(Entries supplied)

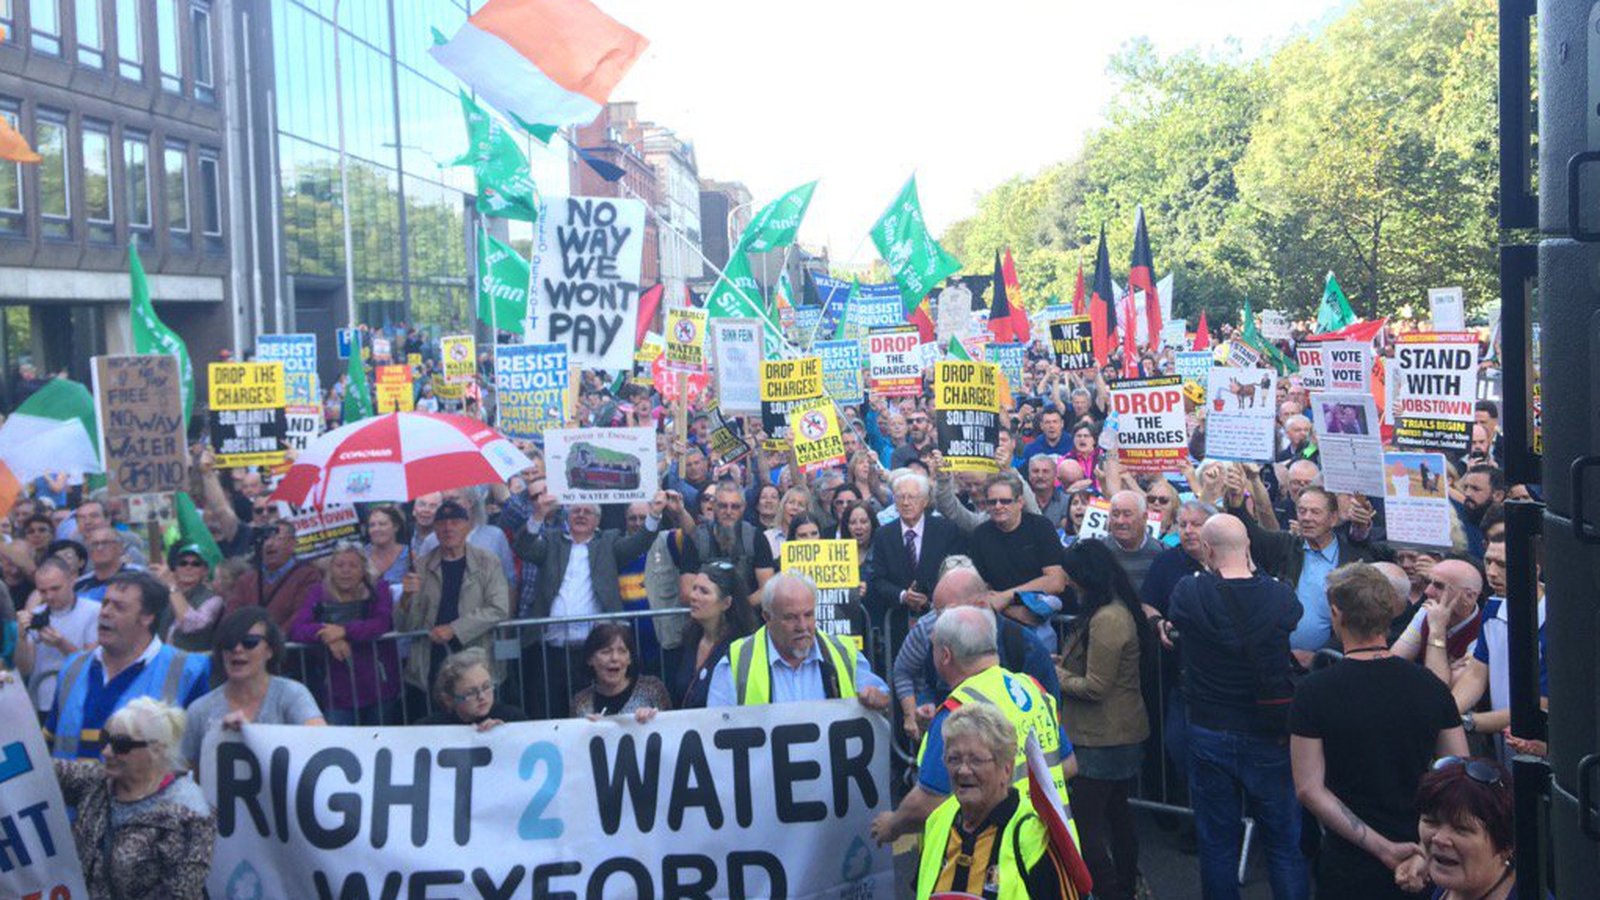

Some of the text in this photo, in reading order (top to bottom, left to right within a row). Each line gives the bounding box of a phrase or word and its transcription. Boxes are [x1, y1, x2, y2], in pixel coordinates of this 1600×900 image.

[567, 197, 617, 227] NO
[557, 225, 631, 256] WAY
[563, 254, 621, 280] WE
[544, 277, 638, 311] WONT
[549, 312, 624, 356] PAY
[1062, 324, 1079, 339] WE
[259, 343, 314, 358] RESIST
[871, 336, 918, 353] DROP
[1053, 336, 1091, 354] WON'T
[497, 352, 566, 371] RESIST
[886, 355, 905, 363] THE
[1061, 355, 1089, 369] PAY!
[1301, 351, 1322, 366] DR
[1332, 351, 1361, 362] VOTE
[1400, 348, 1471, 370] STAND
[215, 365, 276, 384] DROP THE
[766, 359, 817, 379] DROP THE
[873, 365, 919, 376] CHARGES
[942, 365, 995, 385] DROP THE
[1332, 370, 1361, 381] VOTE
[497, 370, 566, 389] REVOLT
[767, 379, 816, 398] CHARGES!
[1407, 374, 1460, 396] WITH
[216, 387, 276, 406] CHARGES!
[943, 387, 995, 407] CHARGES!
[1114, 391, 1180, 414] DROP
[1402, 399, 1471, 415] JOBSTOWN
[947, 411, 994, 427] SOLIDARITY
[1135, 416, 1162, 428] THE
[962, 427, 985, 441] WITH
[1118, 430, 1184, 444] CHARGES
[106, 436, 176, 458] WATER
[795, 435, 842, 454] WATER
[948, 440, 994, 456] JOBSTOWN
[799, 447, 843, 464] CHARGES
[788, 544, 850, 562] DROP THE
[217, 718, 879, 849] RIGHT 2 WATER

(End Entries supplied)

_Exercise instructions:_ Exact copies of all the entries, without any pictures, are what the answer must contain.

_Answer space:_
Some of the text in this photo, in reading order (top to bottom, left to right within a row). Each line gives the bounding box of a phrase or word and its transcription. Boxes are [x1, y1, x2, y2], in pixel coordinates of this 1600×900 image.

[567, 197, 617, 227] NO
[557, 225, 631, 256] WAY
[563, 254, 621, 280] WE
[544, 277, 638, 311] WONT
[549, 312, 624, 356] PAY
[1062, 324, 1079, 339] WE
[259, 343, 314, 358] RESIST
[871, 336, 918, 353] DROP
[1053, 336, 1091, 354] WON'T
[497, 352, 566, 371] RESIST
[886, 355, 905, 363] THE
[1061, 355, 1089, 369] PAY!
[1301, 351, 1322, 366] DR
[1332, 351, 1361, 362] VOTE
[1400, 348, 1471, 370] STAND
[215, 365, 276, 384] DROP THE
[766, 359, 817, 379] DROP THE
[873, 365, 919, 376] CHARGES
[942, 365, 995, 385] DROP THE
[1332, 370, 1361, 381] VOTE
[497, 370, 566, 389] REVOLT
[767, 379, 816, 398] CHARGES!
[1407, 374, 1460, 396] WITH
[216, 387, 276, 406] CHARGES!
[943, 387, 995, 407] CHARGES!
[1114, 391, 1180, 414] DROP
[1402, 399, 1471, 415] JOBSTOWN
[947, 411, 994, 427] SOLIDARITY
[1135, 416, 1162, 428] THE
[962, 427, 985, 441] WITH
[1118, 430, 1184, 444] CHARGES
[106, 436, 176, 458] WATER
[795, 435, 842, 454] WATER
[948, 440, 994, 456] JOBSTOWN
[799, 447, 843, 464] CHARGES
[788, 544, 850, 562] DROP THE
[217, 718, 879, 849] RIGHT 2 WATER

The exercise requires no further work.